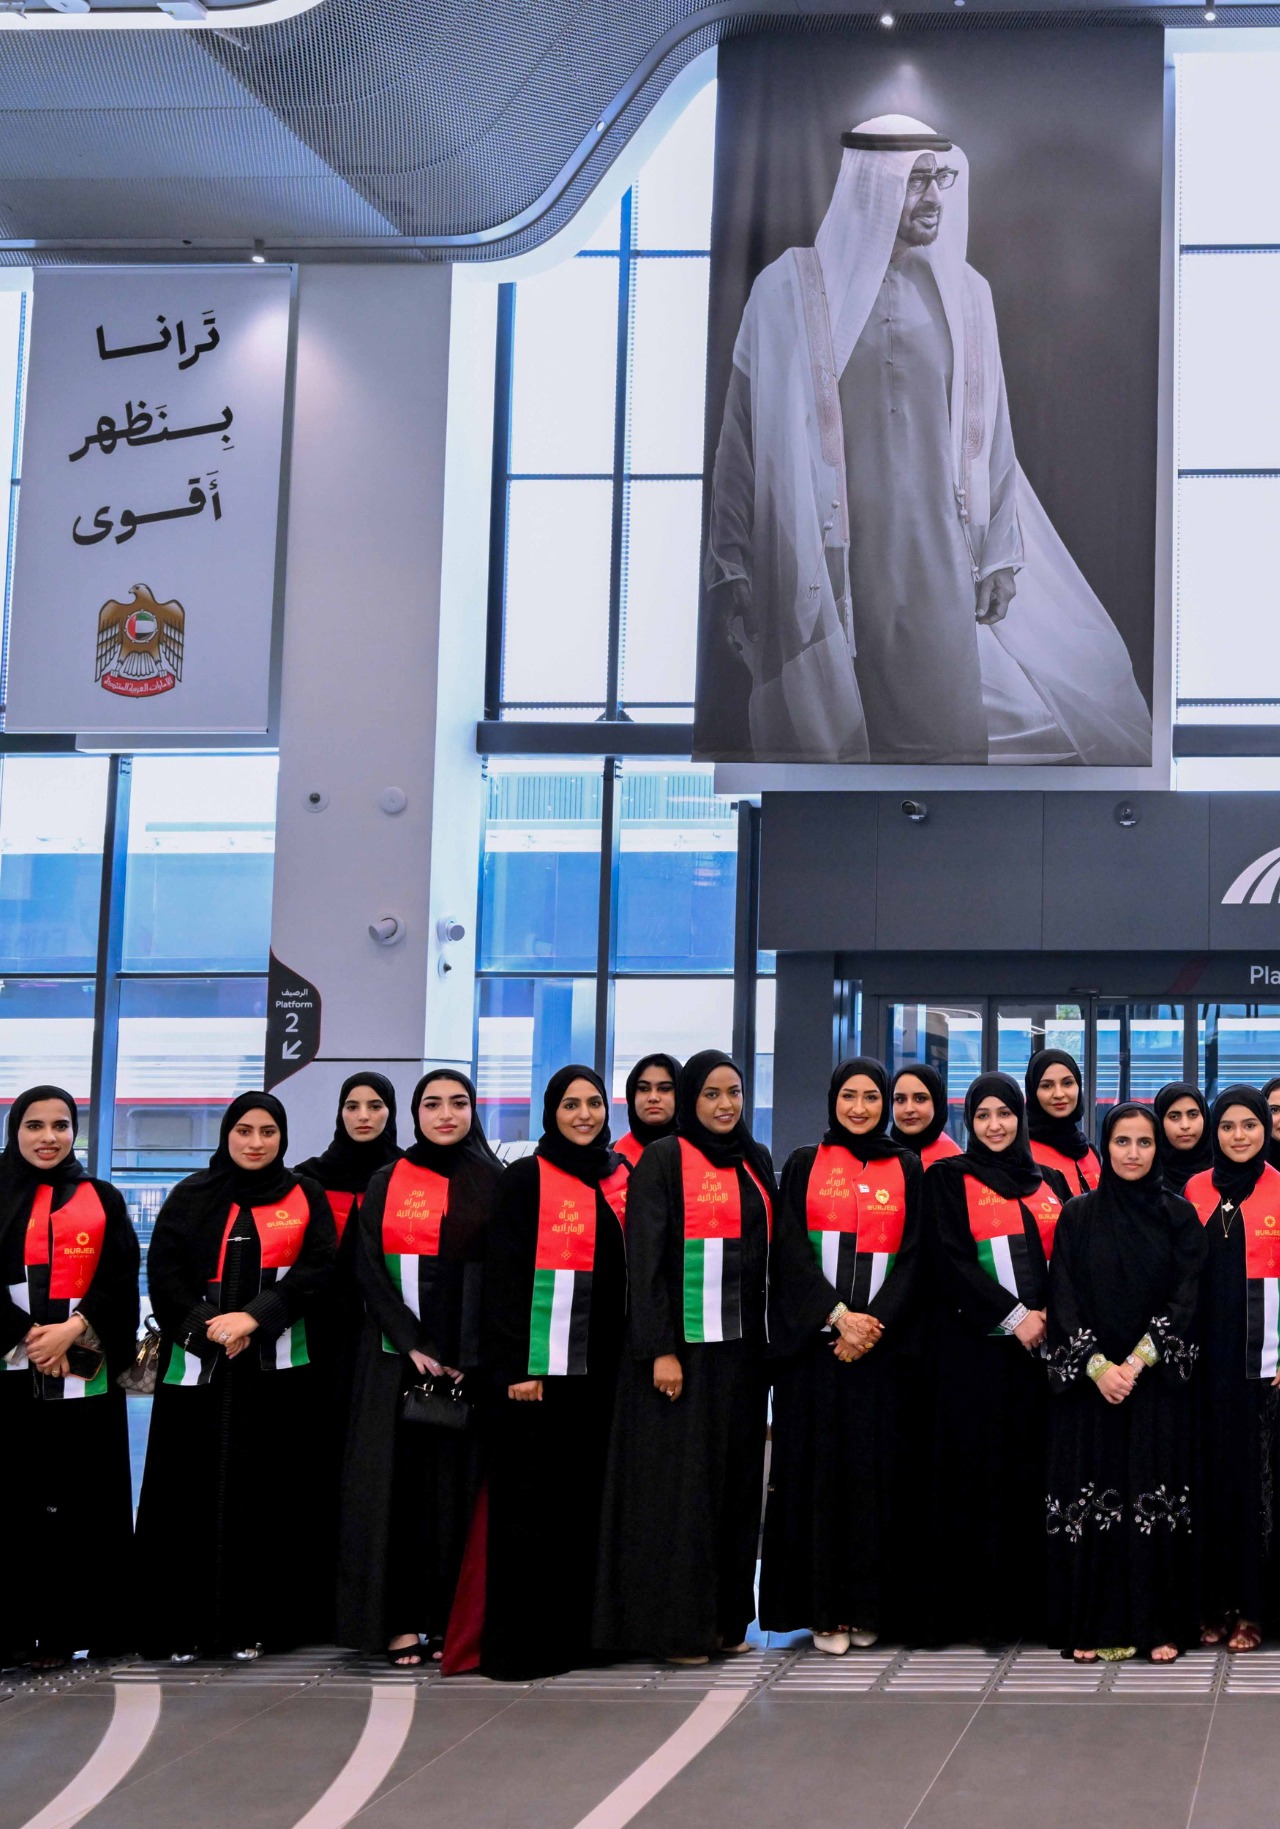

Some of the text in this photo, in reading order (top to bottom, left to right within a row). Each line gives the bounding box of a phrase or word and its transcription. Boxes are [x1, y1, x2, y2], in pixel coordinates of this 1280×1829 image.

[281, 988, 308, 998] الرصيف
[275, 1000, 312, 1008] Platform
[285, 1012, 299, 1033] 2
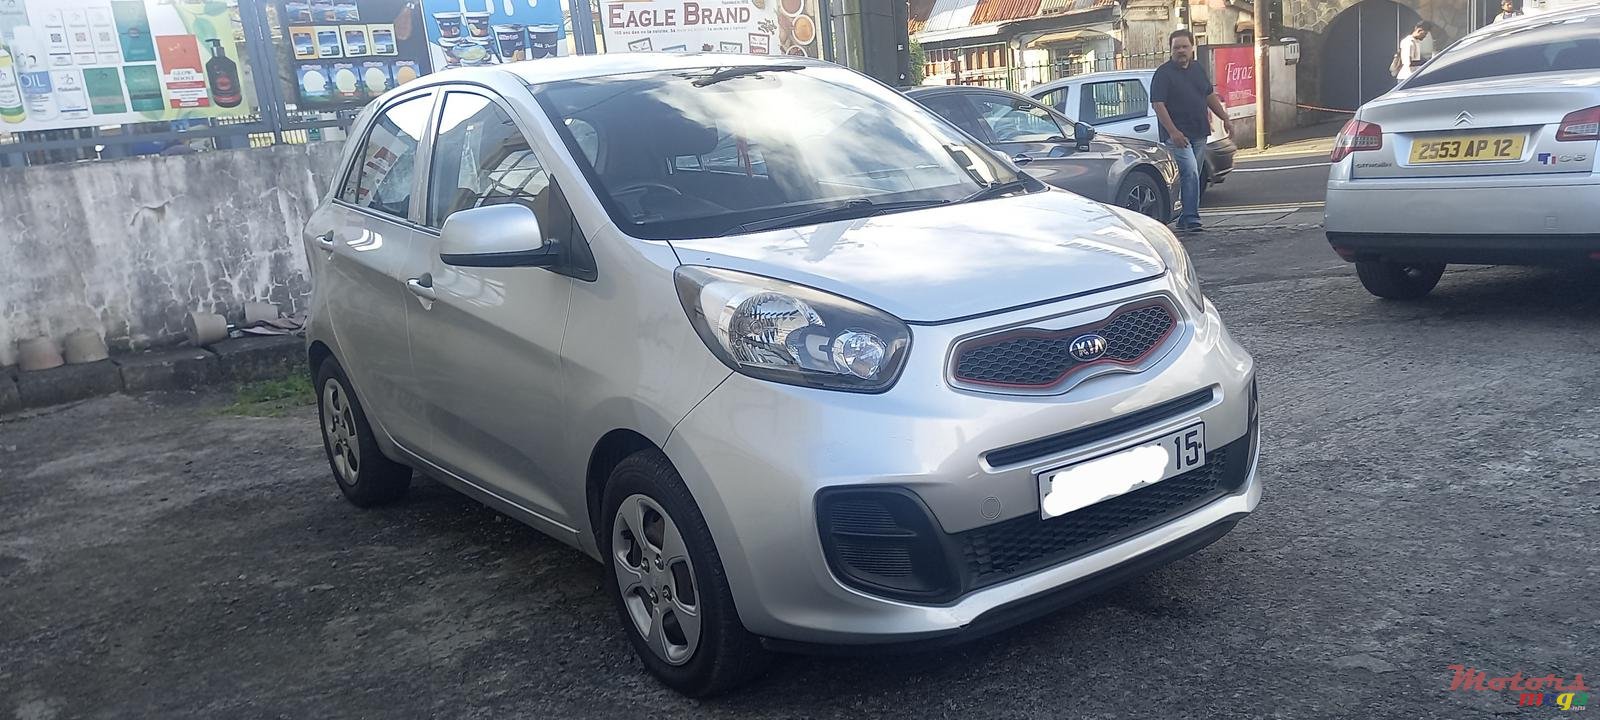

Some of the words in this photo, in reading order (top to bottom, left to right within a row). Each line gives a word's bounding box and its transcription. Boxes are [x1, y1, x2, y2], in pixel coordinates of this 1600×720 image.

[608, 4, 676, 28] EAGLE
[684, 2, 750, 25] BRAND
[20, 74, 47, 88] OIL
[1225, 62, 1253, 84] Feraz
[1419, 141, 1460, 159] 2553
[1463, 140, 1488, 157] AP
[1493, 139, 1513, 156] 12
[1075, 339, 1104, 356] KIA
[1174, 429, 1199, 470] 15
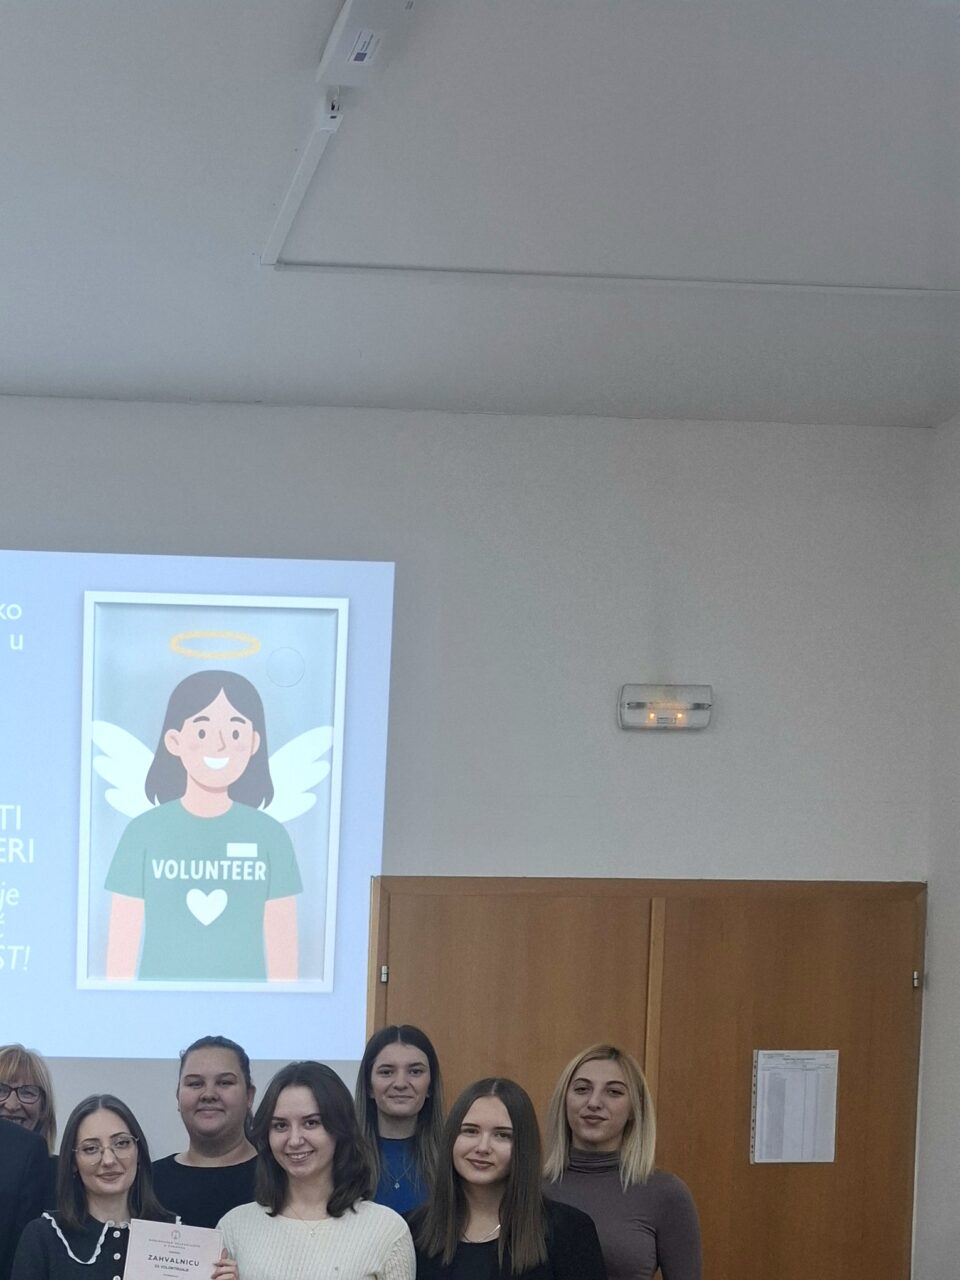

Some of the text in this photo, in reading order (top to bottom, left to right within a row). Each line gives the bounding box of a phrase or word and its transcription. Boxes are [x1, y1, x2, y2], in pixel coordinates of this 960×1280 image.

[9, 633, 24, 650] u
[151, 858, 266, 881] VOLUNTEER
[147, 1254, 200, 1267] ZAHVALNICU

○ ○ ○

| Goal of the exercise |
If a picture appears in the data, omit it; transcribe all the rest exactly.

| Result |
Some of the text in this photo, in reading order (top to bottom, left to right within a row). Each line gives the bounding box of a phrase or word and its transcription. Boxes are [x1, y1, x2, y2], in pixel coordinates of this 1280×1829 image.

[281, 988, 308, 998] الرصيف
[275, 1000, 312, 1008] Platform
[285, 1012, 299, 1033] 2

Some of the words in this photo, in reading order (top to bottom, left to right within a row). Each line gives a word's bounding box and its transcription. Boxes are [x1, y1, x2, y2], in pixel coordinates of this 1600×720 image.

[608, 4, 676, 28] EAGLE
[684, 2, 750, 25] BRAND
[20, 74, 47, 88] OIL
[1225, 62, 1253, 84] Feraz
[1419, 141, 1460, 159] 2553
[1463, 140, 1488, 157] AP
[1493, 139, 1513, 156] 12
[1075, 339, 1104, 356] KIA
[1174, 429, 1199, 470] 15

Some of the text in this photo, in reading order (top to bottom, left to right within a row). Each line gives the bounding box of a phrase or word and its transcription. Boxes are [x1, y1, x2, y2], in pixel coordinates of this 960×1280 image.

[9, 633, 24, 650] u
[151, 858, 266, 881] VOLUNTEER
[147, 1254, 200, 1267] ZAHVALNICU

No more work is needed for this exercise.